* _PROVIDED RECORDS_:

____________

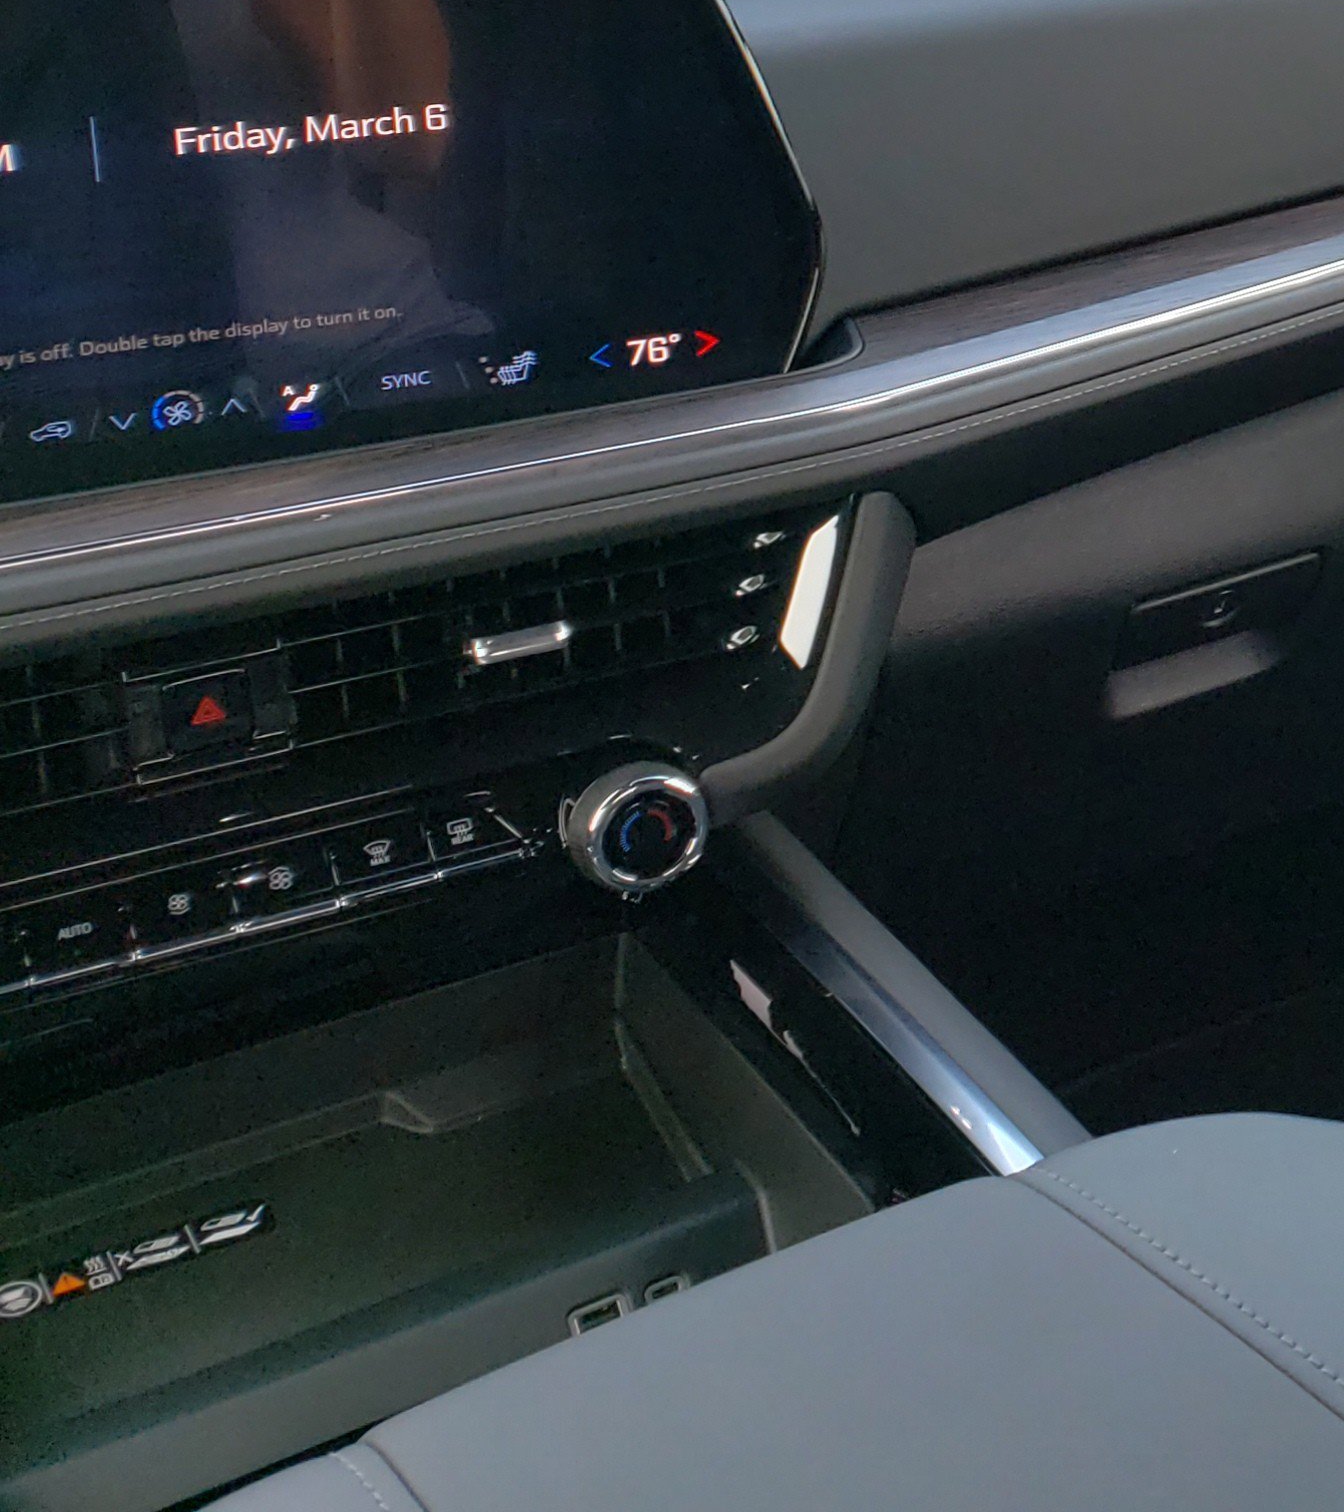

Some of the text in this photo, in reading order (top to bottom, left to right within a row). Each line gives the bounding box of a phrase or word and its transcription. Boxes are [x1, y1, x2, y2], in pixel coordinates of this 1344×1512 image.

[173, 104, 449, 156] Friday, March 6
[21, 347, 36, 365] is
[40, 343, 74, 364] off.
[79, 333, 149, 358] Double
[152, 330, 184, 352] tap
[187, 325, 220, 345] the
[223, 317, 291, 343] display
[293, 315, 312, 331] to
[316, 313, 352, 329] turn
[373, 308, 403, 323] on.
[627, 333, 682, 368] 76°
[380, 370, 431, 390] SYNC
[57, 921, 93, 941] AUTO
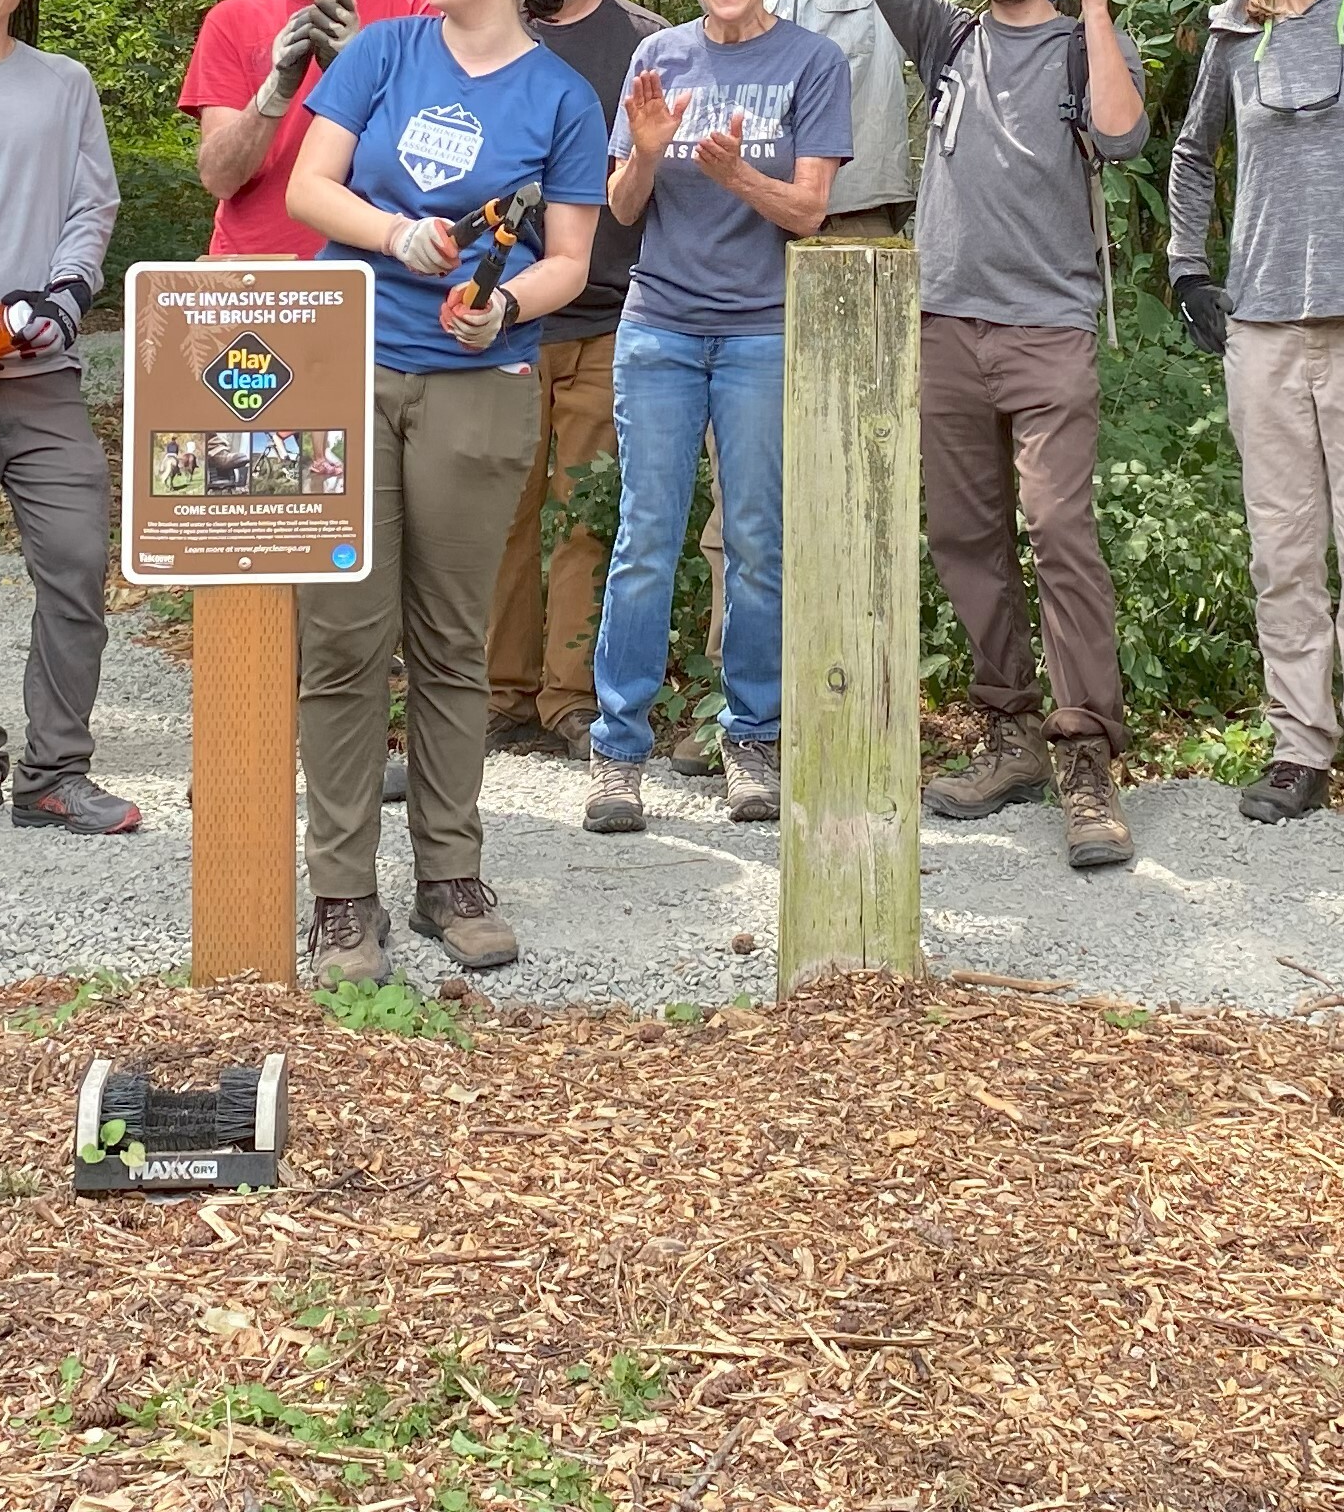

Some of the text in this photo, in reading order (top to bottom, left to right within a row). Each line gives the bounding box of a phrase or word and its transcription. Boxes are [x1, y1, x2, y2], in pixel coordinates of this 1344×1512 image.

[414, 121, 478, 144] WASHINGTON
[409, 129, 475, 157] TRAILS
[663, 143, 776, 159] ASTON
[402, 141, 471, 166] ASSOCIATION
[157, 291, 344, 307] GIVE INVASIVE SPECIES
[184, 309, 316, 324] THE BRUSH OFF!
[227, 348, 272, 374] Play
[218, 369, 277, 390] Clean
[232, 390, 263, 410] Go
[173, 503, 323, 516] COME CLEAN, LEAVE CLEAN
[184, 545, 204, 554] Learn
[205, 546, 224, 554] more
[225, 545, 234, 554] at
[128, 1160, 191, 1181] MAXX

____________

All entries must be output unchanged, with every picture omitted.

Some of the text in this photo, in reading order (top to bottom, left to right within a row). Each line gives the bounding box of a phrase or word and its transcription. Boxes are [x1, y1, x2, y2], in pixel coordinates of this 1344×1512 image.

[173, 104, 449, 156] Friday, March 6
[21, 347, 36, 365] is
[40, 343, 74, 364] off.
[79, 333, 149, 358] Double
[152, 330, 184, 352] tap
[187, 325, 220, 345] the
[223, 317, 291, 343] display
[293, 315, 312, 331] to
[316, 313, 352, 329] turn
[373, 308, 403, 323] on.
[627, 333, 682, 368] 76°
[380, 370, 431, 390] SYNC
[57, 921, 93, 941] AUTO

Some of the text in this photo, in reading order (top to bottom, left to right within a row). Each line gives the bounding box of a phrase or word and its transcription. Boxes are [x1, y1, x2, y2], in pixel coordinates of this 1344×1512 image.

[414, 121, 478, 144] WASHINGTON
[409, 129, 475, 157] TRAILS
[663, 143, 776, 159] ASTON
[402, 141, 471, 166] ASSOCIATION
[157, 291, 344, 307] GIVE INVASIVE SPECIES
[184, 309, 316, 324] THE BRUSH OFF!
[227, 348, 272, 374] Play
[218, 369, 277, 390] Clean
[232, 390, 263, 410] Go
[173, 503, 323, 516] COME CLEAN, LEAVE CLEAN
[184, 545, 204, 554] Learn
[205, 546, 224, 554] more
[225, 545, 234, 554] at
[128, 1160, 191, 1181] MAXX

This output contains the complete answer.